Kits d’apprentissage et matières en isolation
Sentir des matières premières pures en isolation reste la voie la plus efficace pour mémoriser leur signature. Quatre kits professionnels : Le Nez du Parfum (54 matières, 350 euros chez Jean Lenoir Éditions), Le Nez du Vin (analogies de notes), Cinquième Sens à Paris (kits pédagogiques modulaires), kits Givaudan pour les nez en formation interne.
Pour un budget plus modeste, dix huiles essentielles bien choisies (lavande, rose damascena, géranium bourbon, cèdre de l’Atlas, vétiver d’Haïti, patchouli d’Indonésie, ylang-ylang Comores, cardamome verte, sauge sclarée, romarin) couvrent les principales familles. Coût total entre 80 et 150 euros chez Florihana, Aroma-Zone ou les pharmacies spécialisées (Persolaise, accessed 2026-05-30).
Le carnet olfactif personnel
Tenir un carnet olfactif structuré est la pratique la plus citée par les nez en formation à l’ISIPCA. Pour chaque parfum testé, noter : nom et maison, date du test, support (peau, mouillette, vêtement), trois adjectifs pour l’ouverture, trois pour le cœur, trois pour le fond, durée perçue de chaque phase, jugement personnel en une phrase.

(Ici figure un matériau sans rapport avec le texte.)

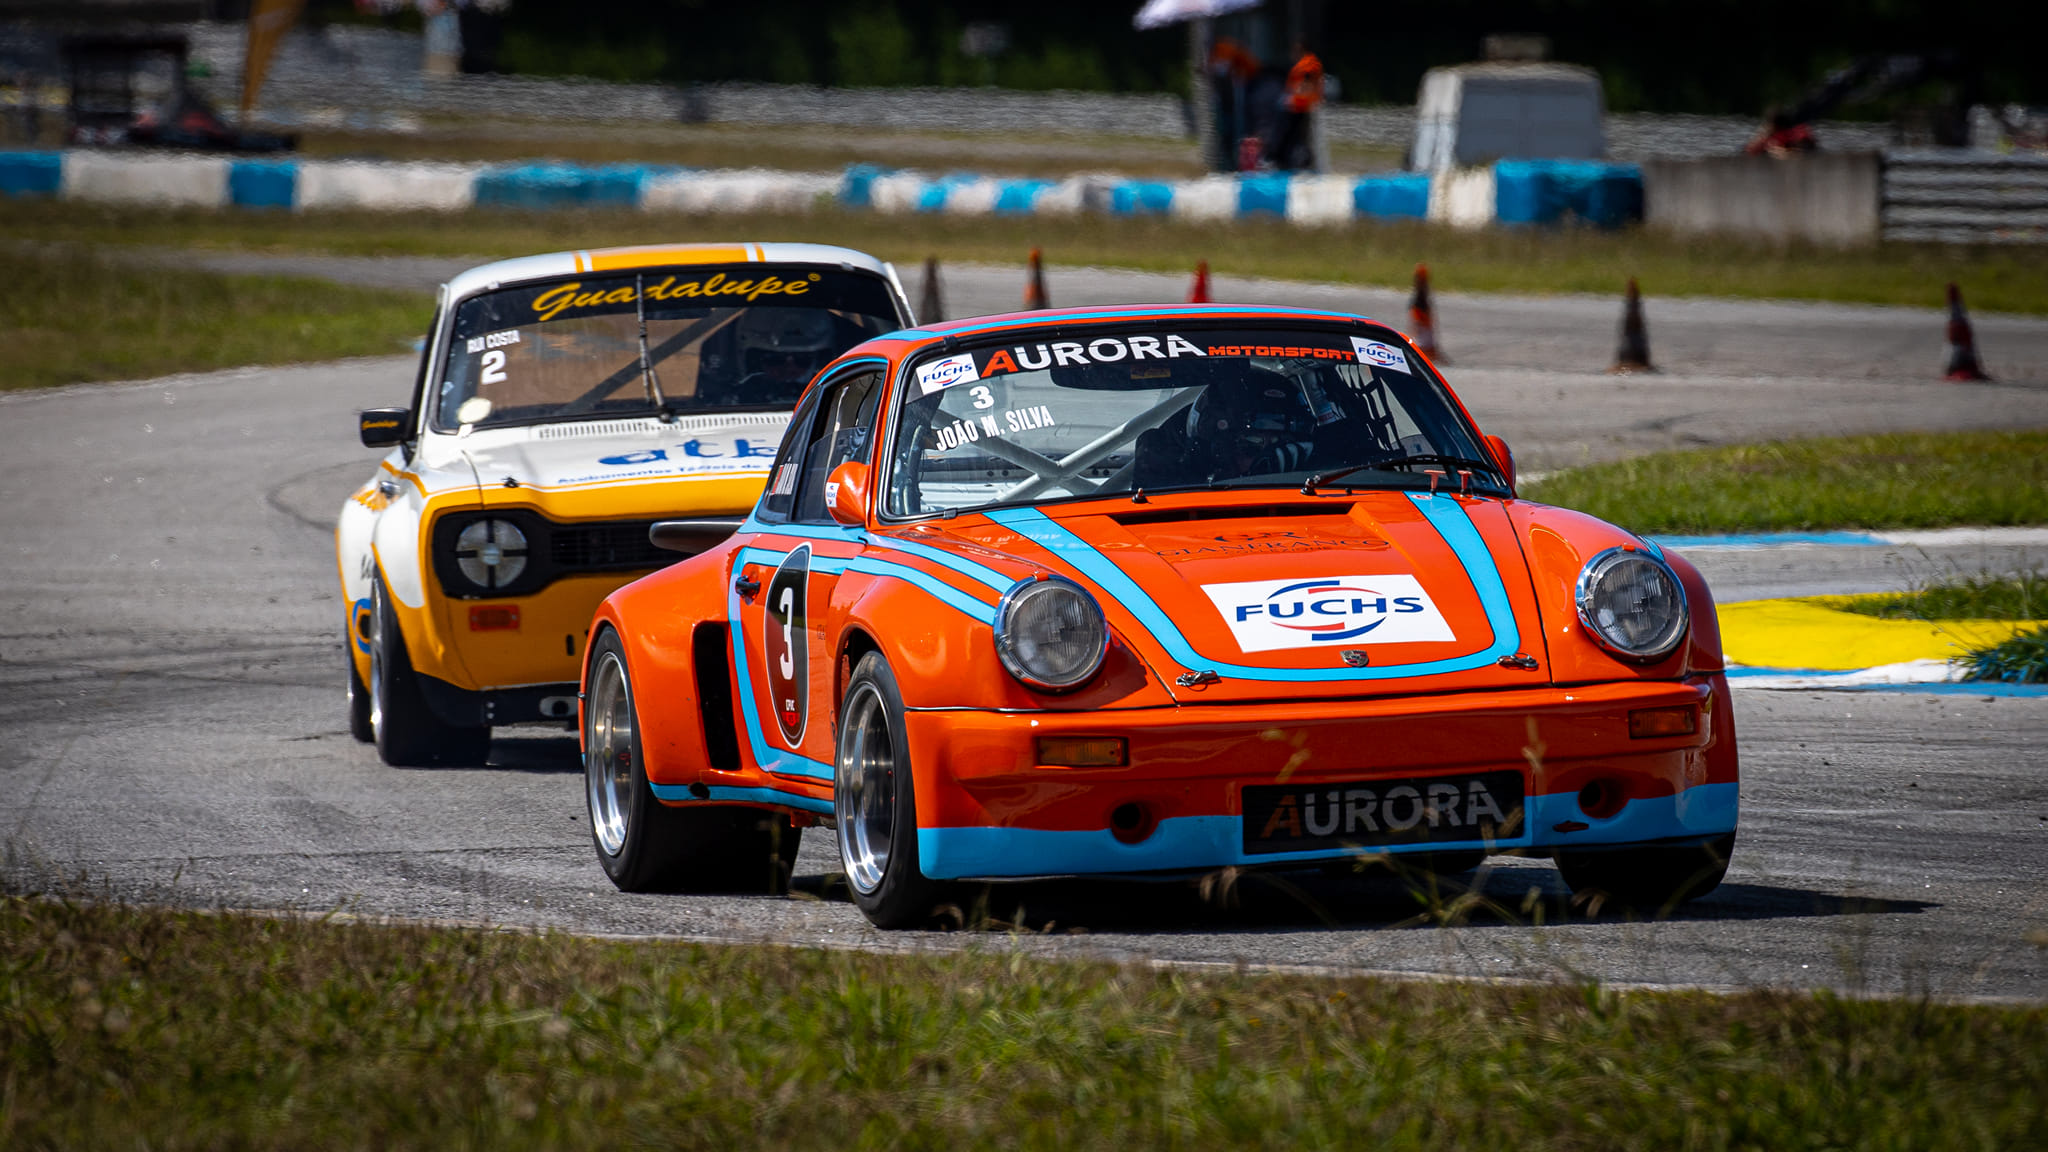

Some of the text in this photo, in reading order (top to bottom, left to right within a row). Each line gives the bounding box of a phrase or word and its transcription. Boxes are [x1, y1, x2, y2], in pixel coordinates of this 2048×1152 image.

[486, 329, 521, 349] COSTA
[480, 350, 508, 385] 2
[980, 334, 1208, 379] AURORA
[1208, 346, 1356, 361] MOTORSPORT
[1358, 346, 1405, 364] FUCHS
[922, 364, 973, 384] FUCHS
[969, 385, 995, 410] 3
[936, 405, 1056, 452] JOÃO M. SILVA
[1236, 597, 1425, 622] FUCHS
[779, 587, 794, 681] 3
[1260, 780, 1505, 839] AURORA

Les bornes utiles : tête 15 à 30 minutes, cœur 2 à 4 heures, fond 5 à 24 heures parfois davantage pour les extraits. Après cinquante entrées, le carnet révèle des affinités personnelles invisibles à l’unité. Fait surprenant, selon une enquête publiée par Fragrantica (accessed 2026-05-30), 78 % des collectionneurs tenant un carnet sur deux ans déclarent regretter beaucoup moins leurs achats que ceux qui n’en tiennent pas.

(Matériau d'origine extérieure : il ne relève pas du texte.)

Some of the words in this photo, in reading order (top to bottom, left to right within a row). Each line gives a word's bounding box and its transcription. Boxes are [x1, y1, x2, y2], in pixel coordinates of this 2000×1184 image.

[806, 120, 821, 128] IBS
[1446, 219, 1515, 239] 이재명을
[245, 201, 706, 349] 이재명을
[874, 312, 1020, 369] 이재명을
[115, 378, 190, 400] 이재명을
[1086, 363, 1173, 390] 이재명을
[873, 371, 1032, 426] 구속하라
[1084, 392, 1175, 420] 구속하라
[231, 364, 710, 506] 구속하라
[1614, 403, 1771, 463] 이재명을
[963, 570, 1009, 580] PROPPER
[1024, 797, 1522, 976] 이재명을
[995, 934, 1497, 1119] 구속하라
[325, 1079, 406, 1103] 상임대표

Lieux et formations en France
Plusieurs structures ouvrent des sessions au grand public. L’Osmothèque de Versailles, France propose des conférences mensuelles à 35 euros, ouvertes sur inscription, animées par d’anciens nez de l’industrie. Cinquième Sens à Paris propose des modules courts (1 à 5 jours) entre 350 et 2 200 euros (Osmothèque, accessed 2026-05-30).
À Grasse, France, Galimard, Molinard et Fragonard proposent des ateliers grand public d’une journée (50 à 120 euros) qui permettent de composer un parfum simple à partir d’une vingtaine de matières. L’ISIPCA à Versailles, France reste l’école professionnelle de référence ; ses programmes longs ne sont pas ouverts au grand public mais sa journée portes ouvertes annuelle permet une visite gratuite. Le développement d’un odorat utile prend généralement deux à cinq ans de pratique régulière.